Input material section start
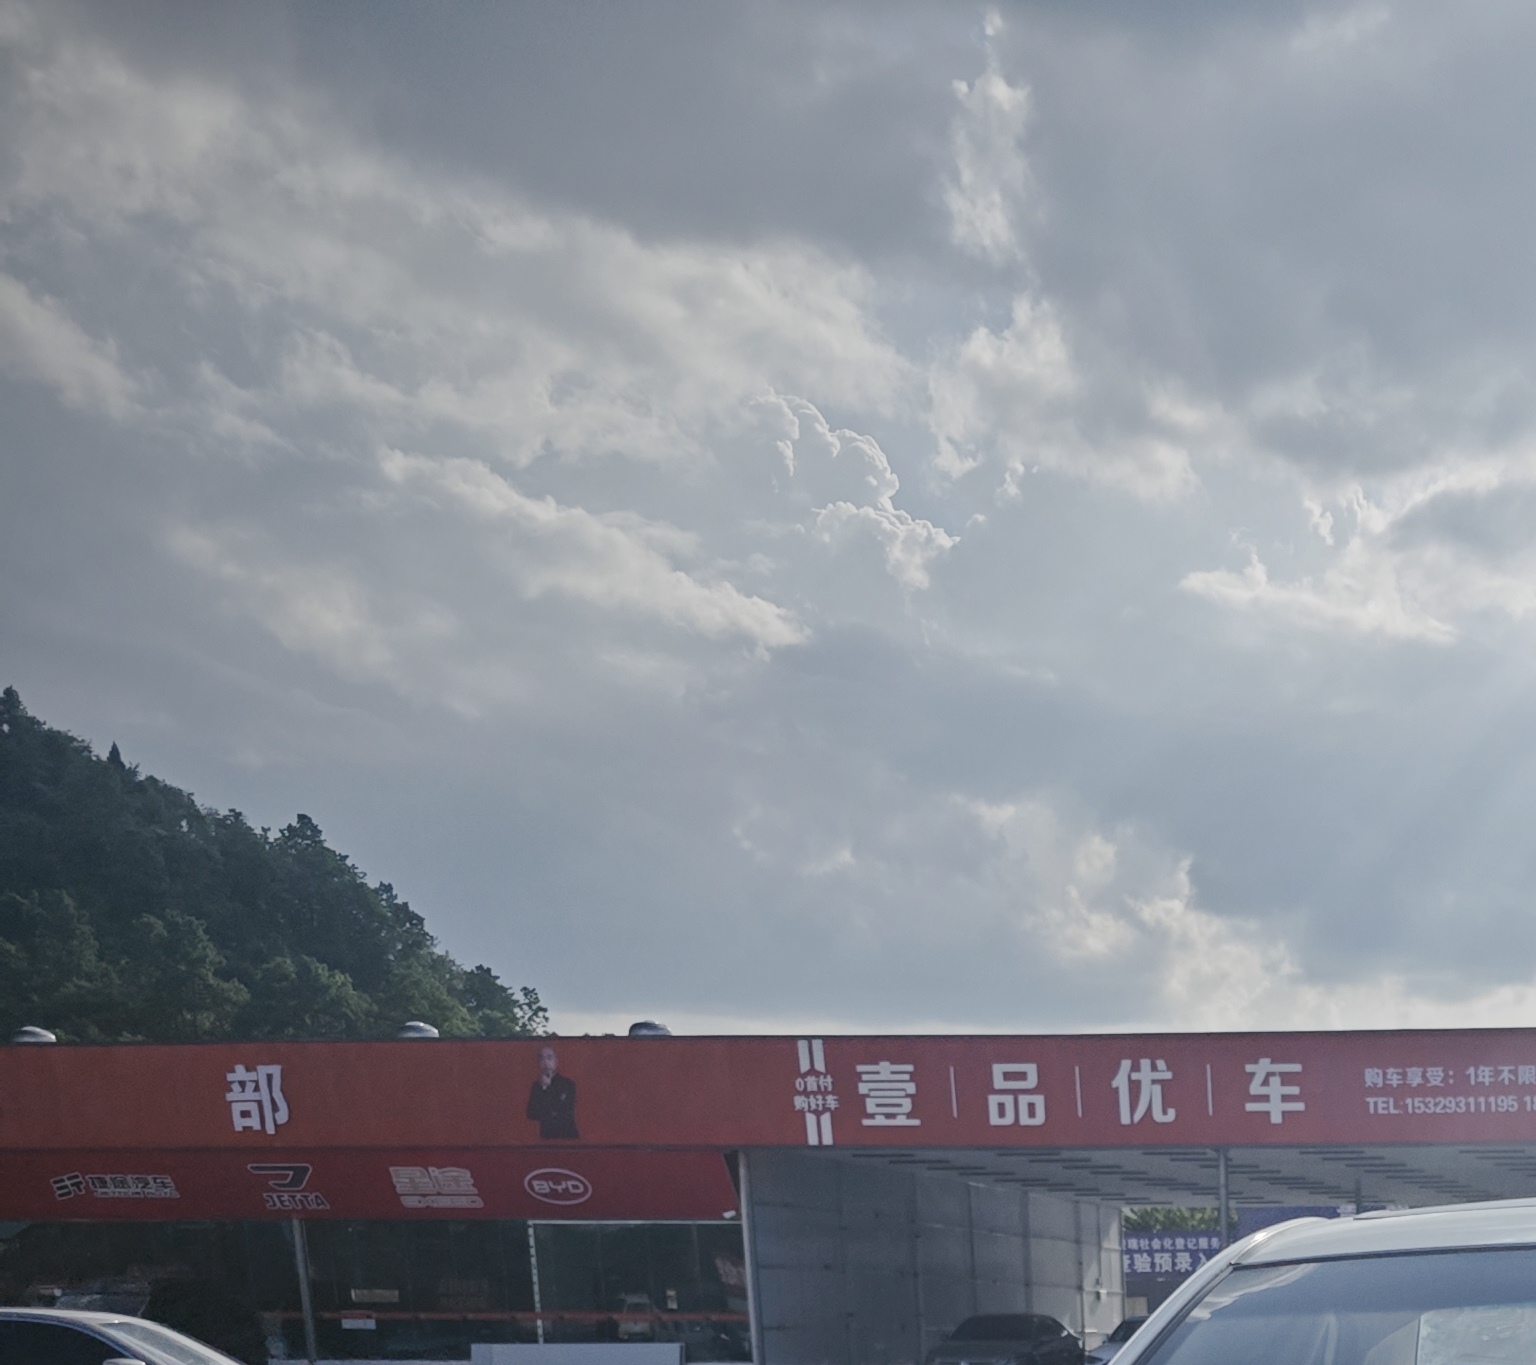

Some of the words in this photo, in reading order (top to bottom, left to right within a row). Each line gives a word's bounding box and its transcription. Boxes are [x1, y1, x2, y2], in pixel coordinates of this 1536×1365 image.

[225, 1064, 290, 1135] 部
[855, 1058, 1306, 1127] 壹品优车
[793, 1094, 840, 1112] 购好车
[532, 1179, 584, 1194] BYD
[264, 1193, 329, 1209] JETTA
Input material section end
* Directions for this task: Nothing but the records, repeated exactly and stripped of pictures, should appear in the answer.

* Task result:
Some of the words in this photo, in reading order (top to bottom, left to right within a row). Each line gives a word's bounding box and its transcription. Boxes are [x1, y1, x2, y2], in pixel coordinates of this 1536×1365 image.

[225, 1064, 290, 1135] 部
[855, 1058, 1306, 1127] 壹品优车
[793, 1094, 840, 1112] 购好车
[532, 1179, 584, 1194] BYD
[264, 1193, 329, 1209] JETTA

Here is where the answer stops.